FIG. 2 is a partially enlarged view showing the manufacturing method according to the first embodiment.

FIG. 3 is a partially enlarged view of FIG.

FIG. 4 is a graph showing comparative data.

FIG. 5 is a graph showing comparative data.

[Explanation of symbols]

1 Ceramic package 10 Ceramic substrate 11 Metallized layer 12 Lower plating layer 13 Upper plating layer 2 metal lid 20 Metal base material 21 metal layer 3 Crystal diaphragm (electronic component element)

─────────────────────────────────────────────────── ─── Continuation of front page (58) Fields surveyed (Int.Cl. ⁷ , DB name) H01L 23/02 B23K 26/00 310 H03H 9/02 H03H 9/19

Claims (3)

(57) [Claims] 1. A ceramic substrate, a metallization layer formed circumferentially around the main surface of the ceramic substrate, a plating layer formed on the upper surface of the metallization layer, the plating layer and an electron beam or a laser beam.
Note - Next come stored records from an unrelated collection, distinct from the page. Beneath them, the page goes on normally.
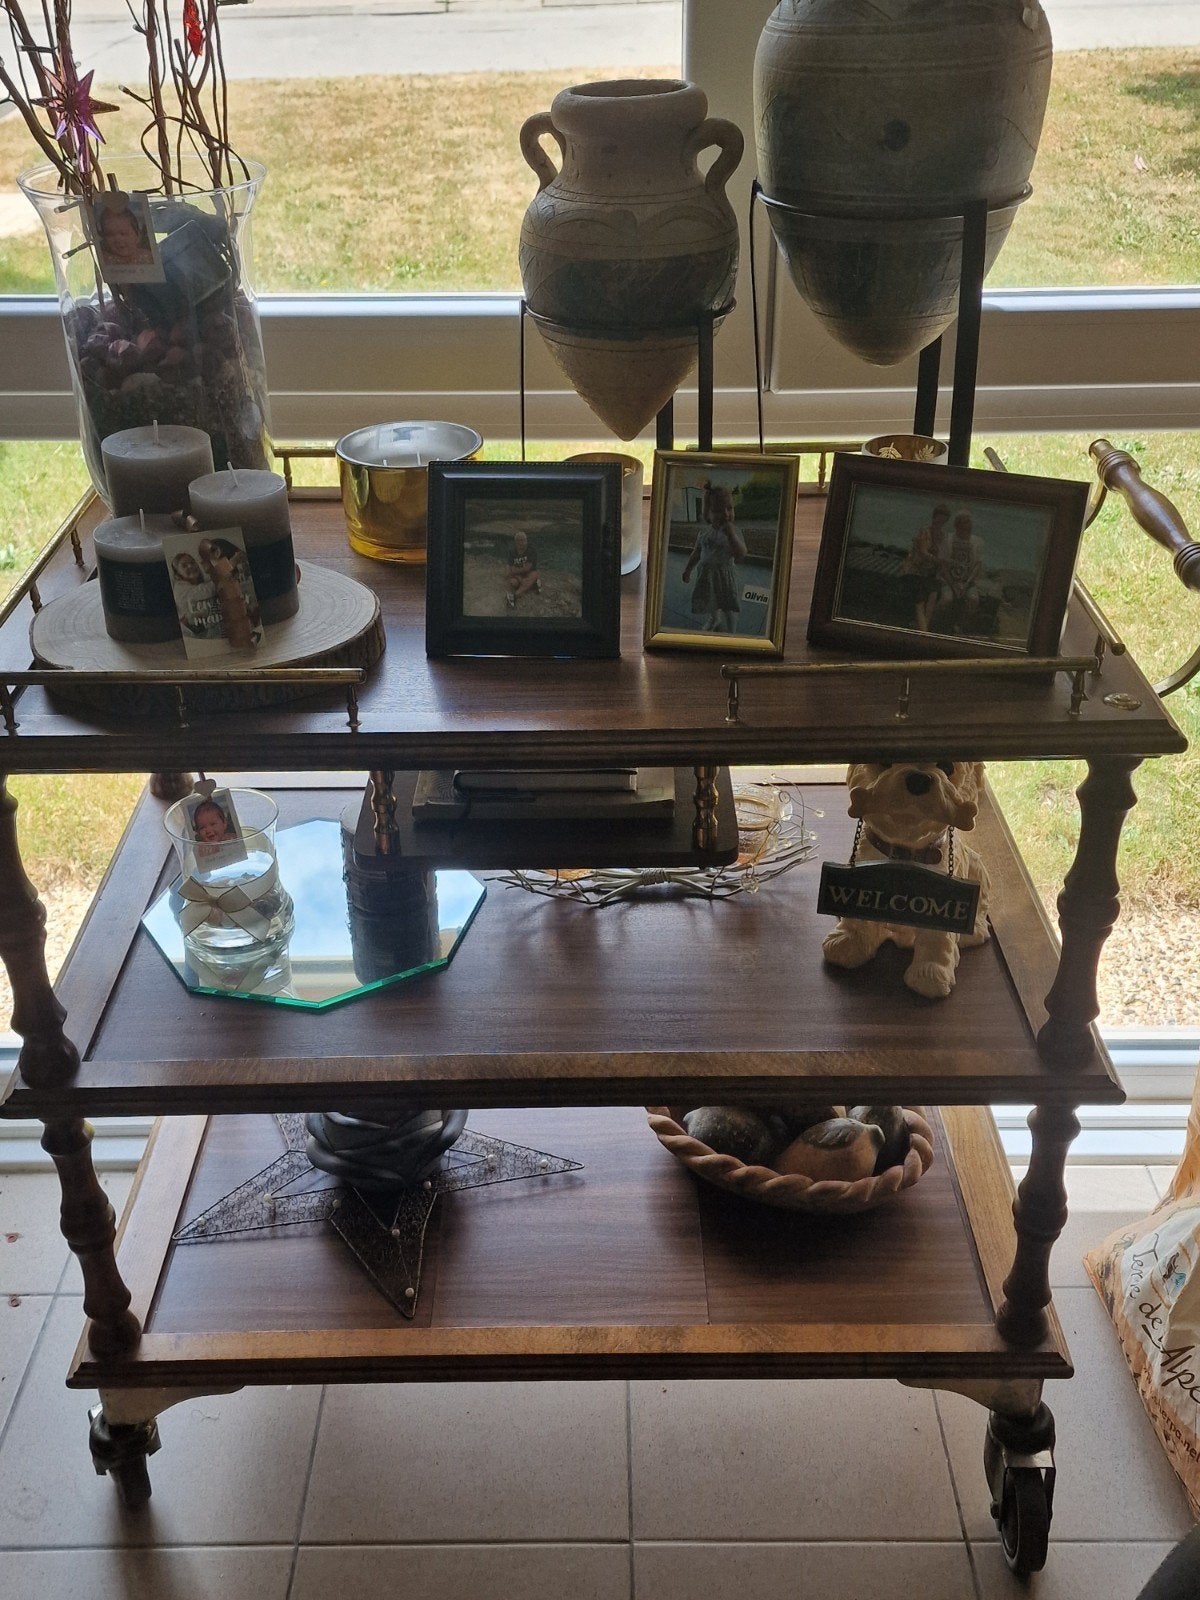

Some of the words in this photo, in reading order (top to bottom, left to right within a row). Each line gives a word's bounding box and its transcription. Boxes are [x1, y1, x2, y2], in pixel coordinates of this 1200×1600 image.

[744, 591, 769, 603] Olivia
[827, 885, 970, 920] WELCOME
[1138, 1302, 1162, 1330] de
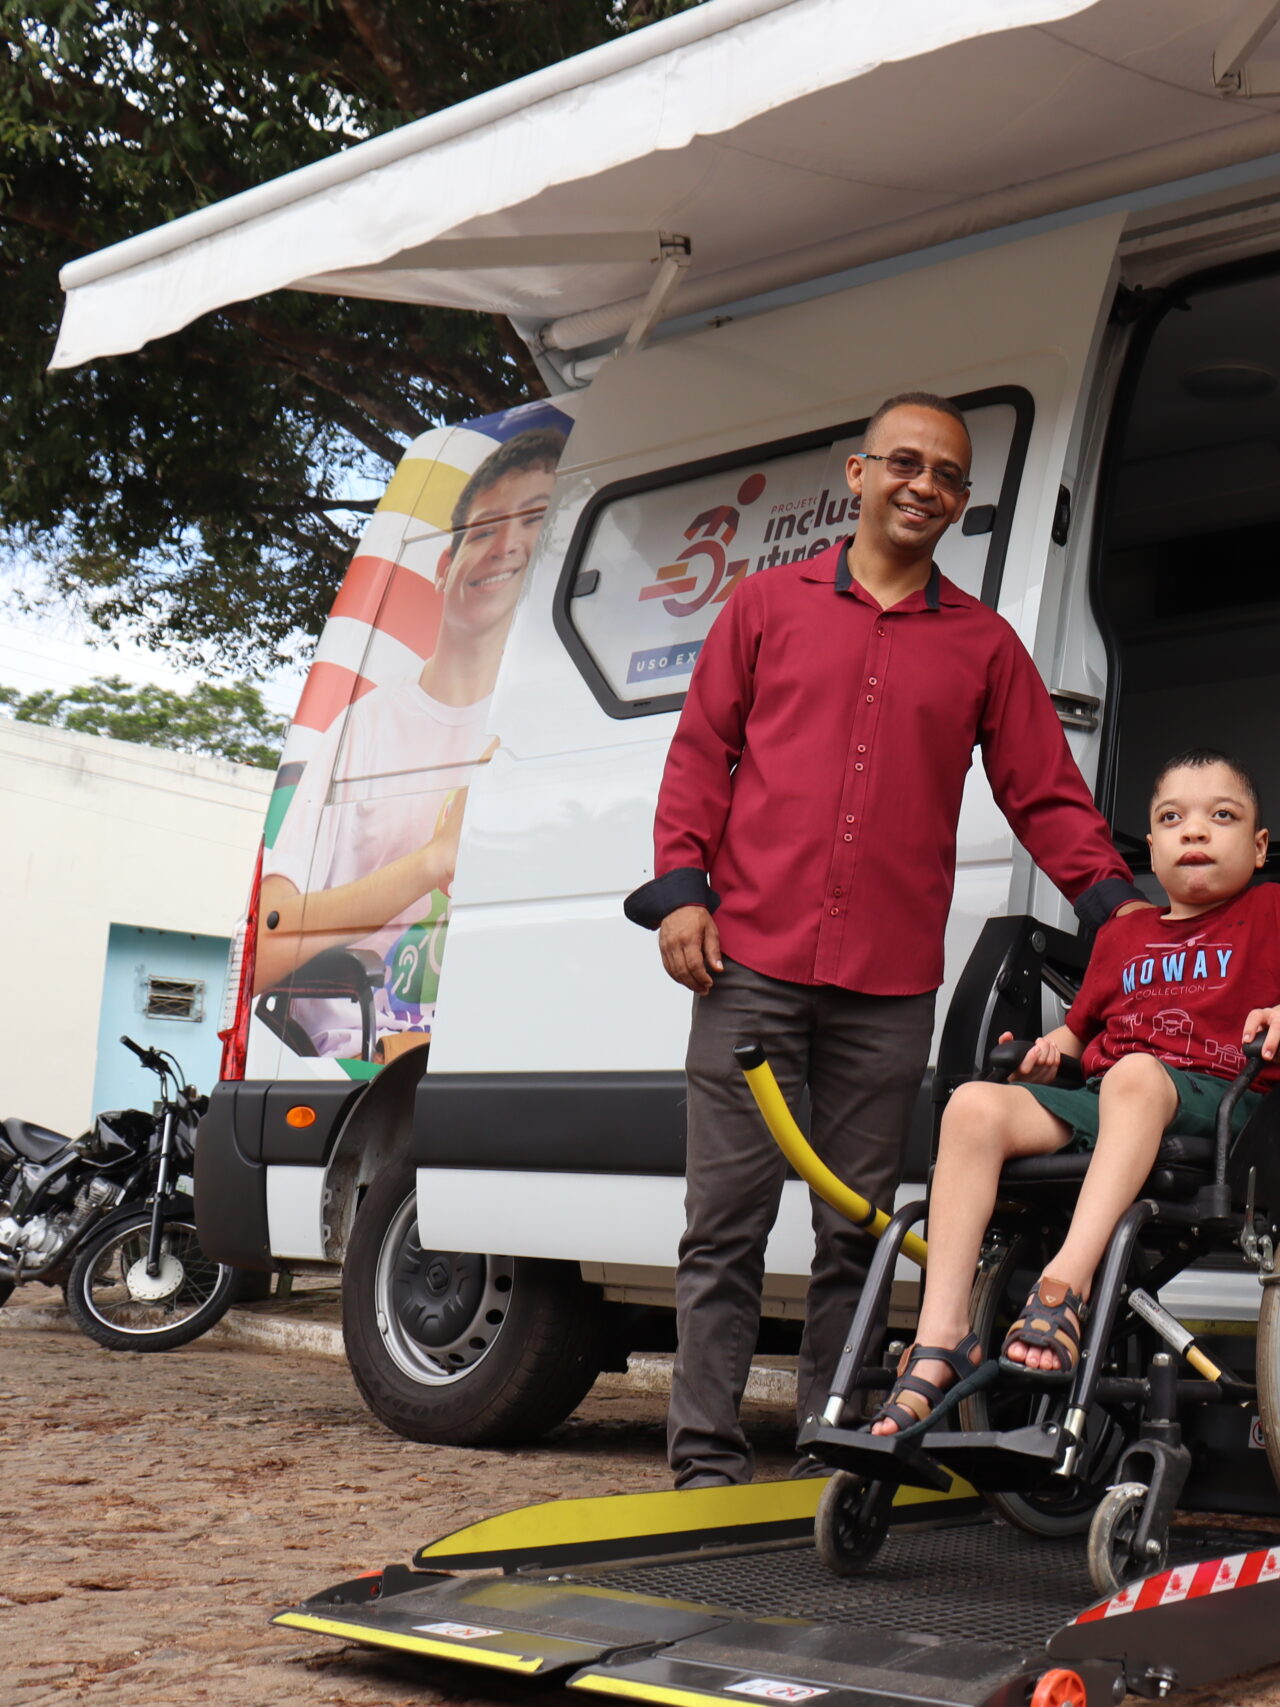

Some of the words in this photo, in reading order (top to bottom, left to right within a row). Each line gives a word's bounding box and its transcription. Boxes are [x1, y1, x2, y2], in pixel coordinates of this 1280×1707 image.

[636, 657, 668, 672] USO
[675, 651, 697, 666] EX
[1122, 949, 1233, 995] MOWAY
[1135, 984, 1206, 1000] COLLECTION
An electronic component package comprising a metal lid to be joined, wherein the metallized layer has a flatness of 5 μm or less. 2. A ceramic base, a metallization layer formed circumferentially around the main surface of the ceramic base, a plating layer formed on the upper surface of the metallization layer, the plating layer and an electron beam or a laser beam. An electronic component package comprising a metal lid to be joined, wherein the metallized layer has a flatness of 5 μm or less and the plated layer has a thickness of 4.5 to 13 μm. A package for electronic parts characterized by the following. 3. The plating layer comprises a plurality of layers, the lower plating layer is a nickel plating layer having a thickness of 4 to 12 μm, and the upper plating layer is a gold plating layer having a thickness of 0.5 to 1 μm. The electronic component package described in 2.